Утром за окном мяукала кошка. Я выглянул. Сидит на дереве и хнычет, глядя требовательно и нагло. Наверное, хотела птичку поймать, а теперь не знает, как спуститься. Я ухмыльнулся и отправился в ванную. Вернулся и слышу:

— Иди, иди сюда, не бойся… — старушечий голос. И мяуканье умолкло.

Вот кого люблю бескорыстно, сам не знаю, почему — старушек. Кошек тоже люблю, но их–то понятно за что — красивые, гордые, глупые, дикие, смешные… Да и безобидные. Не знаю, любил бы я тигров, если б они так же вольготно по городу разгуливали. Испытал бы умиление, увидев на дереве за окном ворчащую рысь. В отличие от кошки, рысь не позволит себя любить, ласкать и тетешкать — махнет лапой, и от любящего одни лохмотья останутся. Кошка бы, может быть, так же хотела, да мала она — потому и мила.

Старушки… Древние, ветхие, согбенные вдвое. Со сморщенными лицами, тряпичными ртами. Набожные, чистые, сухие. Люблю слушать, как они говорят, даже если ругаются. Смотреть на них. Что–то в них святое. Самый глубокий старик — еще мужчина. А старушка — это не женщина, другое существо. Так трогательно — до слез, — когда старушка вспоминает или рассуждает о любви, о людях, о чем угодно не из телевизора. Хочется присесть рядом, и чтобы она тебе что–нибудь сказала. Утешила.

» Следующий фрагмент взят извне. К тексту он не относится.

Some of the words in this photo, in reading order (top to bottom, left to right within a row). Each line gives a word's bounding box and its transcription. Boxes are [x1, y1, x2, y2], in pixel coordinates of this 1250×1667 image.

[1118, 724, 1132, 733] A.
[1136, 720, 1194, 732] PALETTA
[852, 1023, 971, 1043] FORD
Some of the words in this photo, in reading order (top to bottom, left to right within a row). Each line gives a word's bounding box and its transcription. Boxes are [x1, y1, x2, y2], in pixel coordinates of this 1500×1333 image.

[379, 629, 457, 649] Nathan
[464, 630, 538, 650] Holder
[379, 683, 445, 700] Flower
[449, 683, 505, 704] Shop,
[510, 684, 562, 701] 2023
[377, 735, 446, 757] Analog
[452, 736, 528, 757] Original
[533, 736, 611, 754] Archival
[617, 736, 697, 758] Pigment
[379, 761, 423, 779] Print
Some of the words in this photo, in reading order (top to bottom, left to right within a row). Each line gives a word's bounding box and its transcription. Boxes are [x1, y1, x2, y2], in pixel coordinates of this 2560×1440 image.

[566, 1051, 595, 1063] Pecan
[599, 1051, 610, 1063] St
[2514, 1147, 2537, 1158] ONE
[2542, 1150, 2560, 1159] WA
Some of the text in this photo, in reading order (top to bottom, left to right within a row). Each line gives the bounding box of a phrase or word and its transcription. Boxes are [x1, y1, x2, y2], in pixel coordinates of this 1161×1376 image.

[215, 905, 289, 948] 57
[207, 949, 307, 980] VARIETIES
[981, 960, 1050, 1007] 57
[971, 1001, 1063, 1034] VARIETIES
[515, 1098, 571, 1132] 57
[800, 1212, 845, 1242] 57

Образованных старух — не люблю. Городских неумех. Вздорных пенсионерок, теснящихся в очереди за поношенной одеждой. Электорат. Люблю суеверных, деревенских, которые вроде бы всю жизнь дальше своего огорода не высовывались, а так разузнаешь — и первой красавицей была, и ведьмой слыла, и сбегала с «офицером», и в тюрьме при Сталине сидела, «за колоски». Но могло этого и не быть ничего. Я все–таки верю каждому их слову. Им же от меня ничего не надо. Им ни от кого уже ничего не надо. Сидят на солнышке и греются. Добрые, как смерть.

— Мяу!

Часть пятая

1

Я держал в вытянутых руках голову женщины. Голова была тяжелой и теплой. Мне хотелось поцеловать ее в губы. Но губ не было. Я держал в руках череп.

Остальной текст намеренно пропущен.